Some GPs use LLMs today for write ups and diagnosis (but most don’t)
Reading: Generative artificial intelligence in primary care: an online survey of UK general practitioners, BMJ Health & Care Informatics, 17 September 2024.
It’s a survey of 1,000 GPs, so engage your worries about responder bias, and demographic differences (PDF) from the GP population.
But it’s great to see. A smart idea to just ask GPs what they are doing with this tech.
The survey found most GPs (who responded) are not using LLMs today. I was surprised as many as 20% are, given the risks of pasting personal data into standard ChatGPT:
One in five of the UK GPs surveyed here reported using LLM-powered chatbots to assist with tasks in clinical practice; among them, ChatGPT was the most used tool. More than one in four participants who used generative AI reported using these tools to assist with writing documentation after patient appointments or with differential diagnosis.

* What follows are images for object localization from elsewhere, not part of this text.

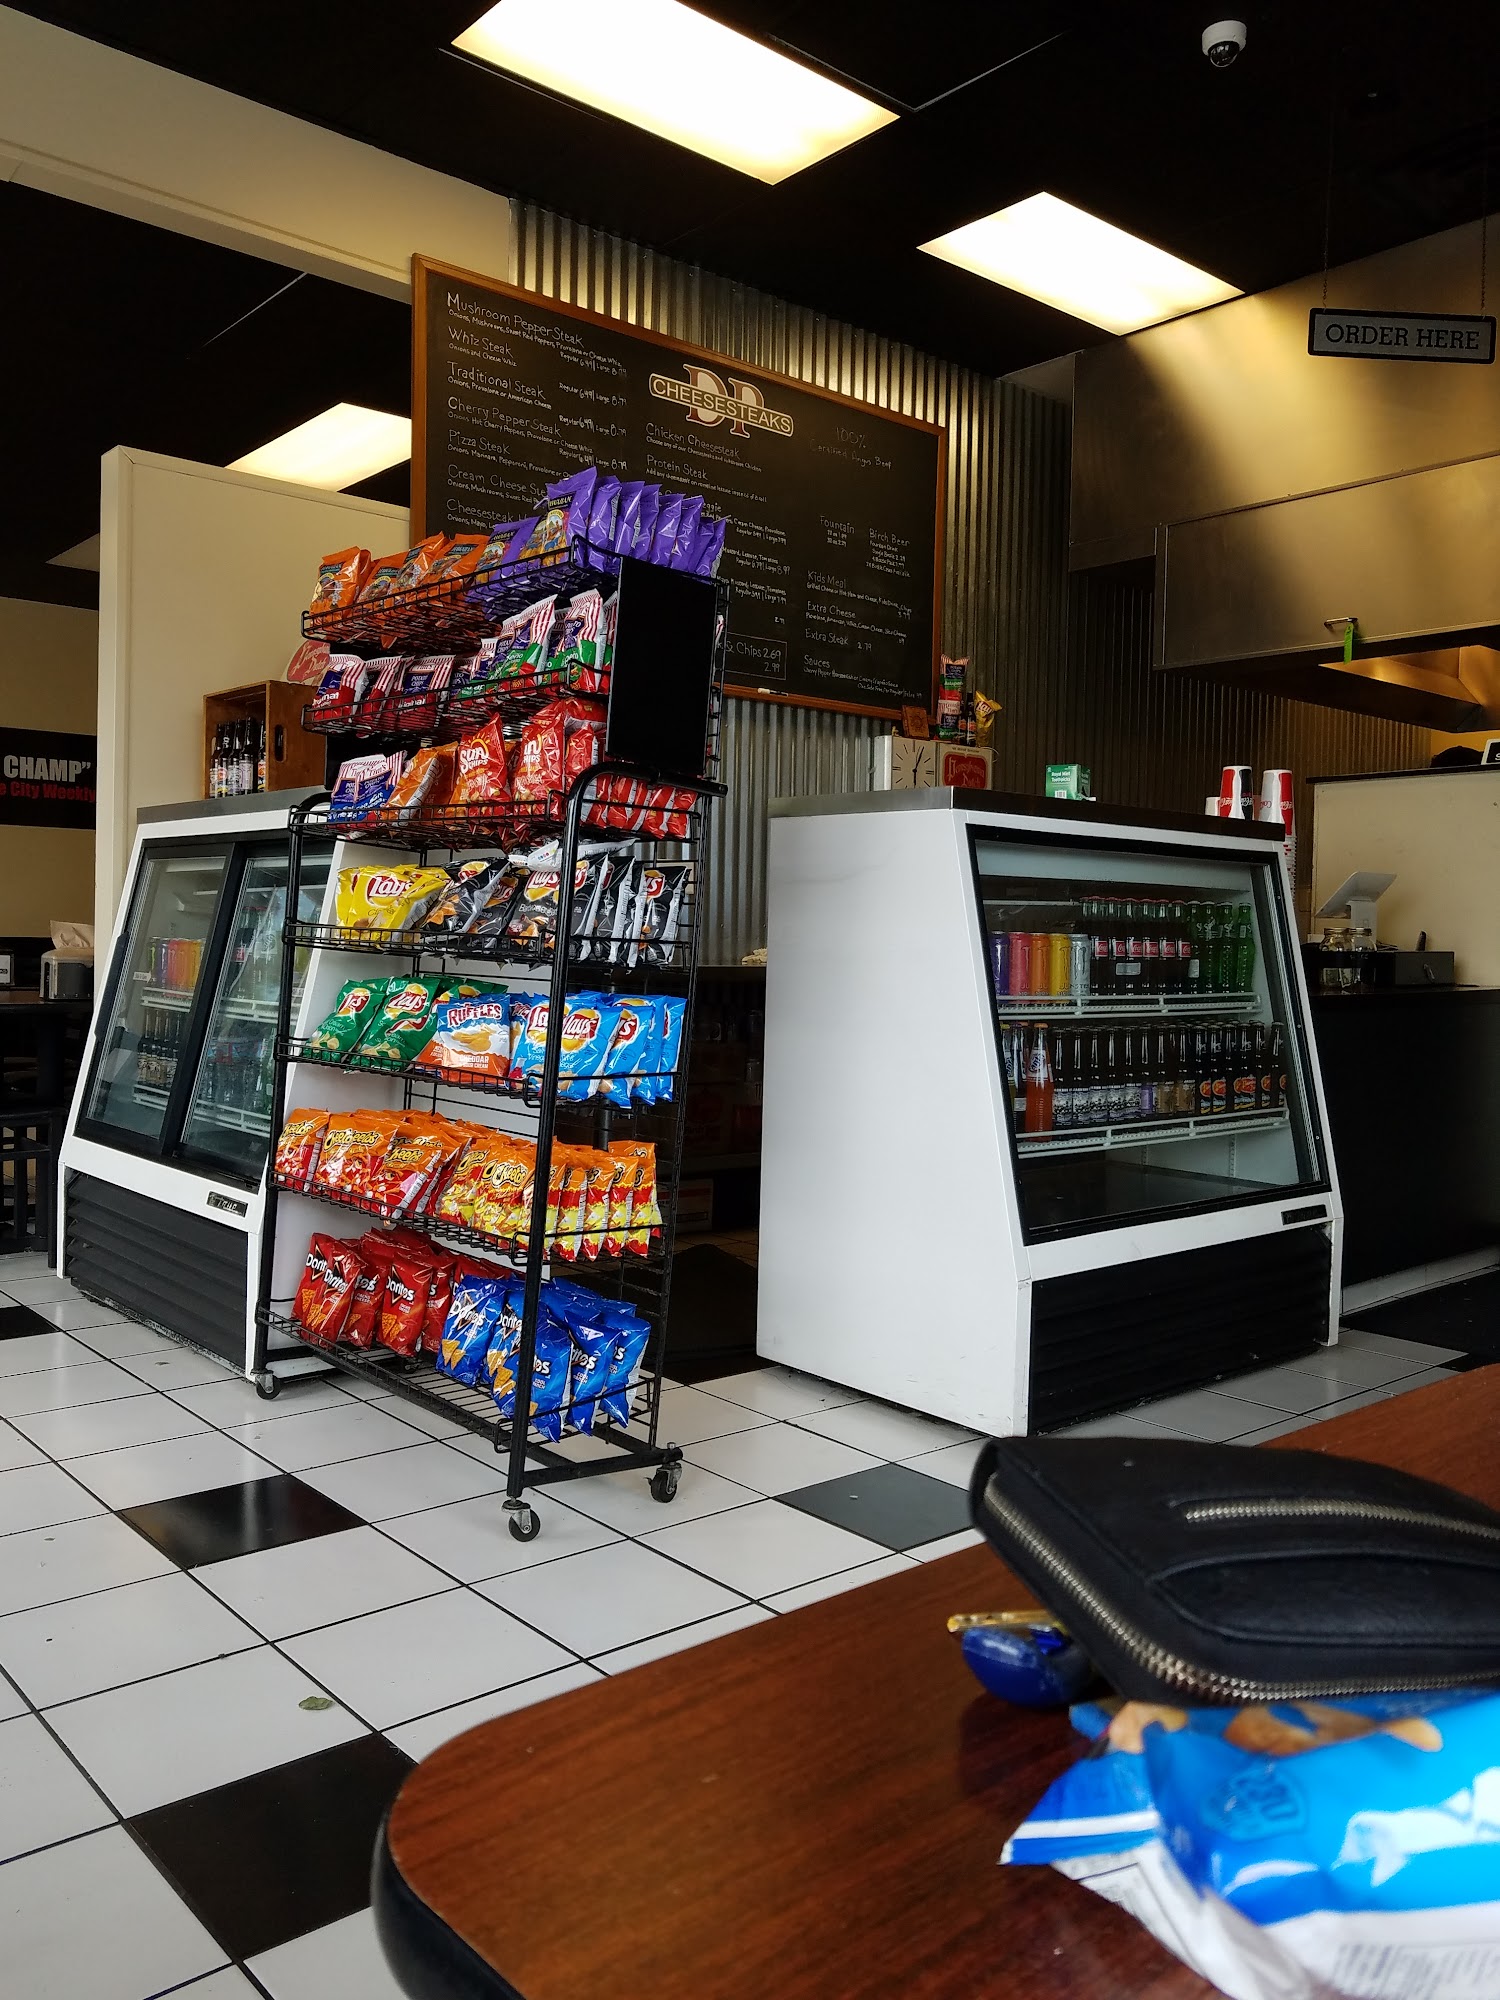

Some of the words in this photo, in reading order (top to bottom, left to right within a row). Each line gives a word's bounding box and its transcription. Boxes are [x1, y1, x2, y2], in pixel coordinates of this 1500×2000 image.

[447, 291, 511, 325] Mushroom
[513, 314, 553, 337] Pepper
[551, 326, 584, 349] Steak
[448, 326, 480, 346] Whiz
[481, 338, 514, 358] Steak
[1326, 324, 1408, 346] ORDER
[1416, 329, 1480, 350] HERE
[447, 361, 512, 391] Traditional
[514, 380, 546, 401] Steak
[447, 396, 490, 421] Cherry
[491, 407, 531, 428] Pepper
[530, 418, 562, 438] Steak
[652, 378, 791, 432] CHEESESTEAKS
[448, 430, 477, 447] Pizza
[479, 437, 511, 455] Steak
[645, 422, 686, 444] Chicken
[687, 434, 741, 461] Cheesesteak
[448, 464, 485, 484] Cream
[489, 474, 527, 493] Cheese
[646, 454, 681, 472] Protein
[683, 463, 708, 481] Steak
[446, 498, 514, 524] Cheesesteak
[702, 502, 722, 513] eggie
[819, 515, 855, 535] Fountain
[869, 527, 889, 543] Birch
[891, 533, 911, 547] Beer
[807, 570, 826, 584] Kids
[827, 574, 847, 590] Meal
[807, 600, 828, 613] Extra
[829, 604, 857, 619] Cheese
[805, 628, 827, 642] Extra
[828, 632, 849, 646] Steak
[736, 641, 762, 658] Chips
[804, 654, 831, 669] Sauces
[10, 781, 40, 799] City
[42, 782, 96, 803] Weekly
[447, 1003, 503, 1027] RUFFLES
[306, 1252, 327, 1271] Dorit
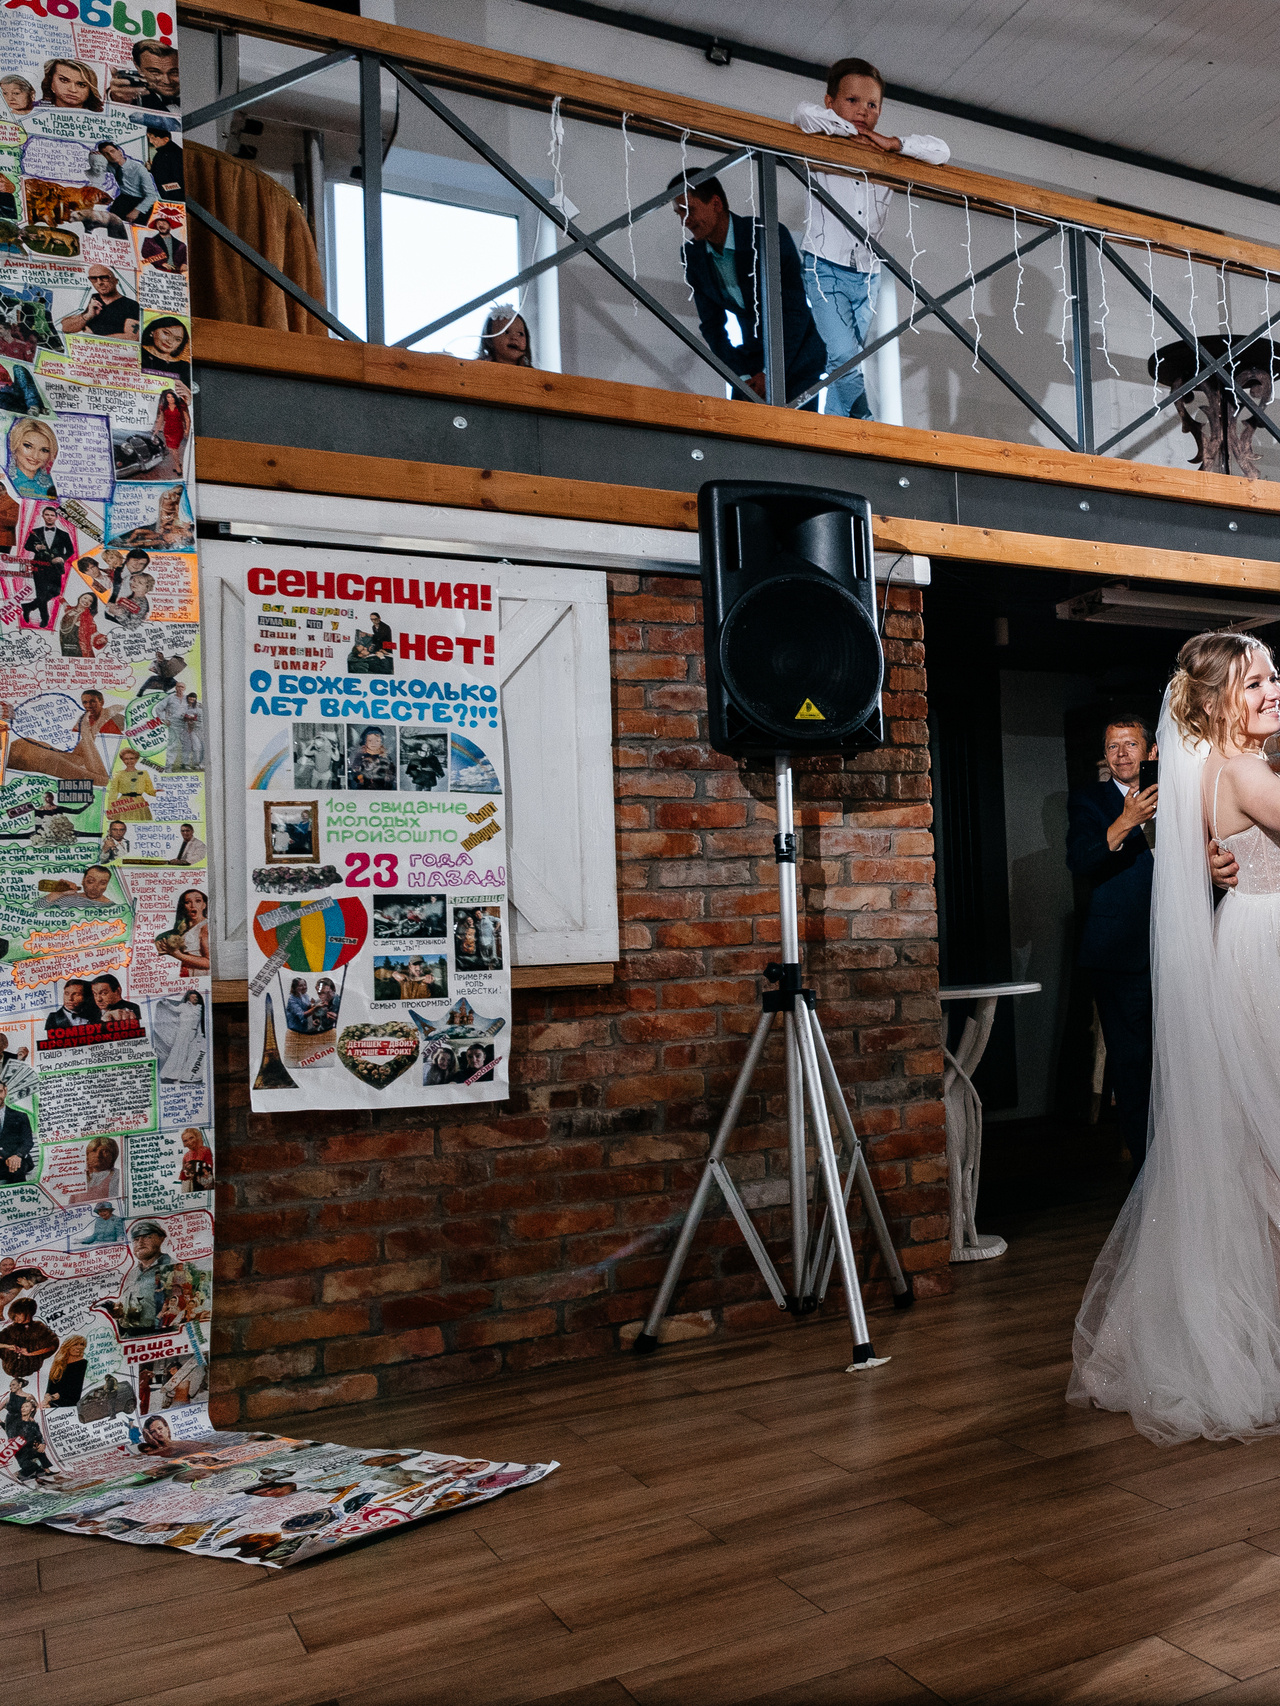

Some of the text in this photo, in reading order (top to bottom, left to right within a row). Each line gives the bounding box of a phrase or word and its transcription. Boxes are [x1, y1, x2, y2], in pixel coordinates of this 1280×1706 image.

The use cases are in table 1:
One of the authors, Charlotte R. Blease, was kind enough to let me know research and teaching (as well as letter writing) was part of the “Other” uses.
I’d love to know what the "Other” (uncommon?) LLMs that were used. There’s a follow up paper coming.
* * *
Update: the follow-up paper has been published, showing growth to 25%. There's a summary post from the author at"From Toy to Tool: How UK GPs Quietly Normalised Generative AI":
Generative AI in UK primary care has moved from taboo to tool in a single year — without oversight, training, or transparency. The question is no longer whether doctors should use AI. It’s how we make its use safe, accountable, and honest.